Natural history characteristics and traits were collected and collated for the species in our study. Trait data were sourced via literature review, expert knowledge, specimen measurement, the Global Biodiversity Information Facility (DOI: https://doi.org/10.15468/dl.ta4zxp GBIF 2023 (GBIF, 2023)), and geographic measurements taken using the sf package in R (Pebesma, 2018). Finally, for all species present in the historical (1972/1973) period, we created a binary “extirpation” variable by numerically labeling the species as persistent (0) or extirpated (1) depending on their sample status in the contemporary (2017/2018) sample period. See Supplementary Methods, Fig. S2, and Tables S2 & S3 for a full description of each trait and the process used to obtain the information.

Trait data were used in two types of analyses: 1) At the species level we used traits as potential predictors of species persistence or local extirpation in the ESGR between the historical and contemporary periods, and 2) At the community and species levels, we compared trait composition between the historical and contemporary sampling periods, and across the entire near century of data.

Trait based predictors of species extirpation: Artificial Neural Network analysis

At the species level we used traits as potential predictors of species extirpation from the ESGR between the historical (1972/1973) and contemporary (2017/2018) periods. Initial use of mixed modeling approaches (given the mixed categorical and continuous trait data) proved incapable of efficiently exploring the broad possibilities while achieving explanatory power. Ordination methods fared better, but presented their own limitations (though, see Boersma et al. (Boersma et al., 2016) for more on ordination analysis in trait space). PERMANOVA and NMDS explained little variance (see Supplementary Results; Fig. S3) and PCA analysis was limited by the high dimensionality required to achieve any explanatory power and the number of predictors that highly contributed to multiple principal components (Fig. S3).

Therefore, to study the relationship between bee traits and extirpation, we pursued neural networks due to their flexible non-parametric nature, ability to handle both categorical and continuous data, and increased capability to capture variance and feature effects despite lingering collinearity and limited data, respectively. Here we provide only a general description of our neural network analysis in R (“nnet” package; (Venables and Ripley, 2002)), please see Supplementary Methods for further details. We used single-layer neural networks with a limited number of nodes (3-6 nodes; see Fig. S4) to restrain overfitting (Heaton, 2008) and a decay rate during training ranging between 5e-2 and 5e-4. Species’ trait data were cleaned/prepared (see Supplementary Methods) to function as “input features” (analogous to predictor variables) in order to predict species extirpation in the ESGR. To control the number of input features and avoid collinearity between categorical variables (see Supplementary Methods), we combined categorical variables into 4 dichotomous categorical traits: “polylectic ground-nesting”, “polylectic cavity-nesting”, “oligolectic ground-nesting,” and “kleptoparasitic.” We did not include oligolectic cavity-nesting bees as a separate input feature because only three sampled species matched the designation.
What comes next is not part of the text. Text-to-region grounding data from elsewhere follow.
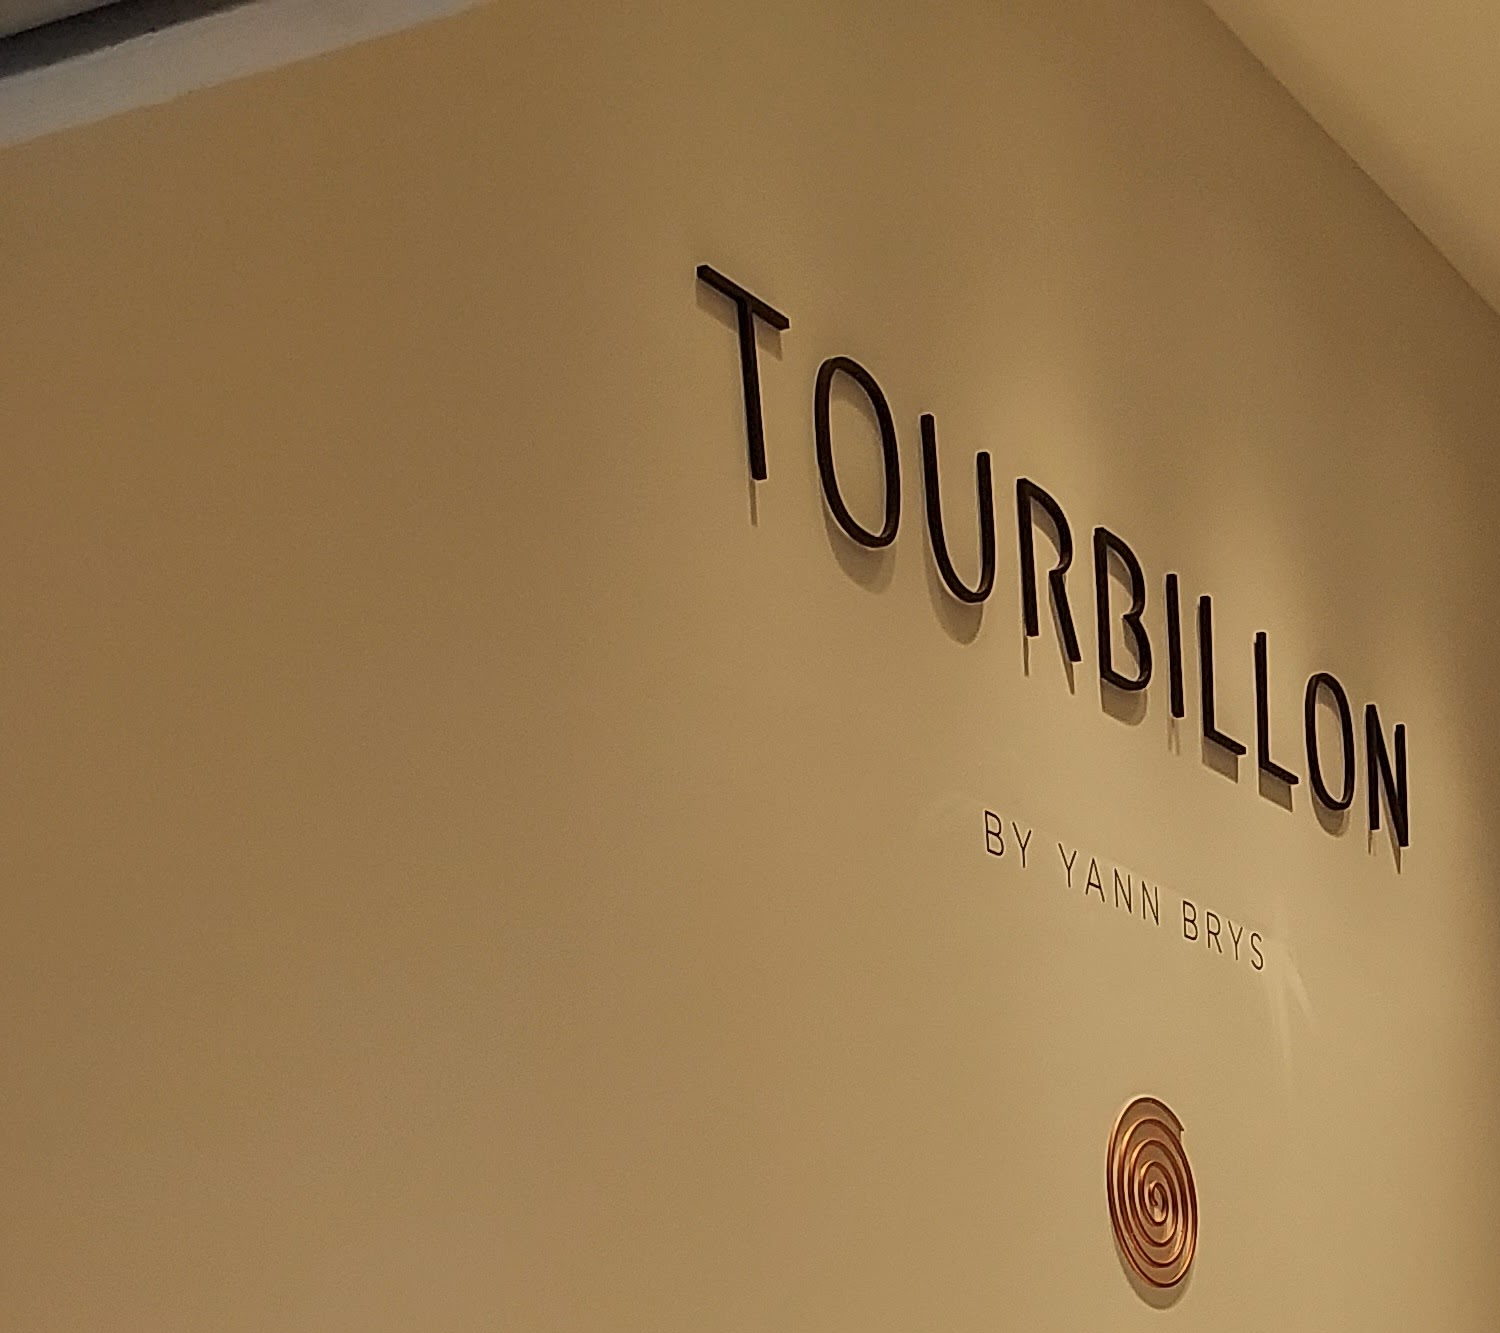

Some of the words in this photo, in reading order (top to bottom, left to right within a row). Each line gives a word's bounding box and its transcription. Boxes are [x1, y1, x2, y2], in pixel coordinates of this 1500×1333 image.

[697, 264, 1410, 848] TOURBILLON
[985, 810, 1032, 868] BY
[1058, 842, 1160, 927] YANN
[1182, 900, 1265, 973] BRYS
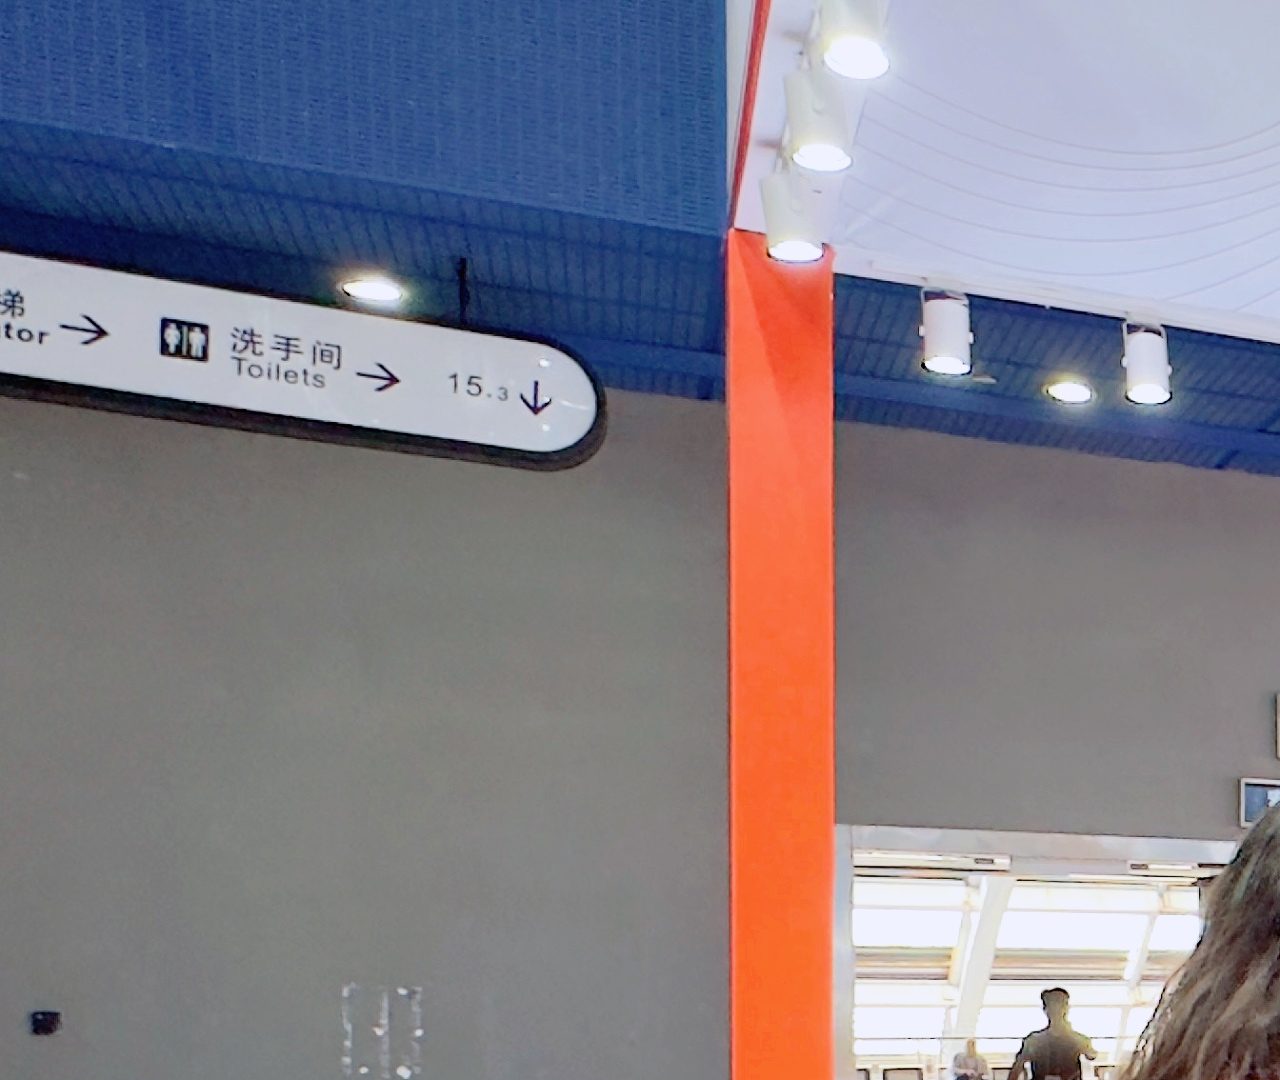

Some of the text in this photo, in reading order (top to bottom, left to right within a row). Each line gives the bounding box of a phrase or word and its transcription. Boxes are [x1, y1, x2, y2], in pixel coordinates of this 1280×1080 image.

After data cleaning, 11 traits remained as input features, including our 4 dichotomous categorical traits and 7 quantitative traits: intertegular distance (ITD; mm), species’ North American (NA) latitudinal max/min range, species North American (NA) longitudinal max/min, phenological mean date (day of the year), phenological range (day of the year; see Table S3 in the Supplementary Methods).

For each unique feature set (i.e., unique set of species’ traits and extirpation/persistence data; see results), we determined the simplest network structure that consistently limited error while producing high predictive performance (i.e., >95% accuracy). This structure was then initialized with distinct random initial weight connections between nodes and uniquely trained 1000 times (see Beck 2018). In each unique network, feature influence over model prediction was measured with Olden importance values (NeuralNetTool package; (Beck, 2018)). The Olden method produces continuous values with positive values indicating a positive relationship with the active state of the predicted variable (i.e., species extirpation) and negative values indicating the opposite (i.e., species persistence). For every unique network, we standardized Olden importance values by rescaling them between -1 and 1 in order to preserve relative trait importance and test for consistency of effect across networks (see Supplementary Methods). For brevity, we refer to this rescaled Olden value as RSO importance value.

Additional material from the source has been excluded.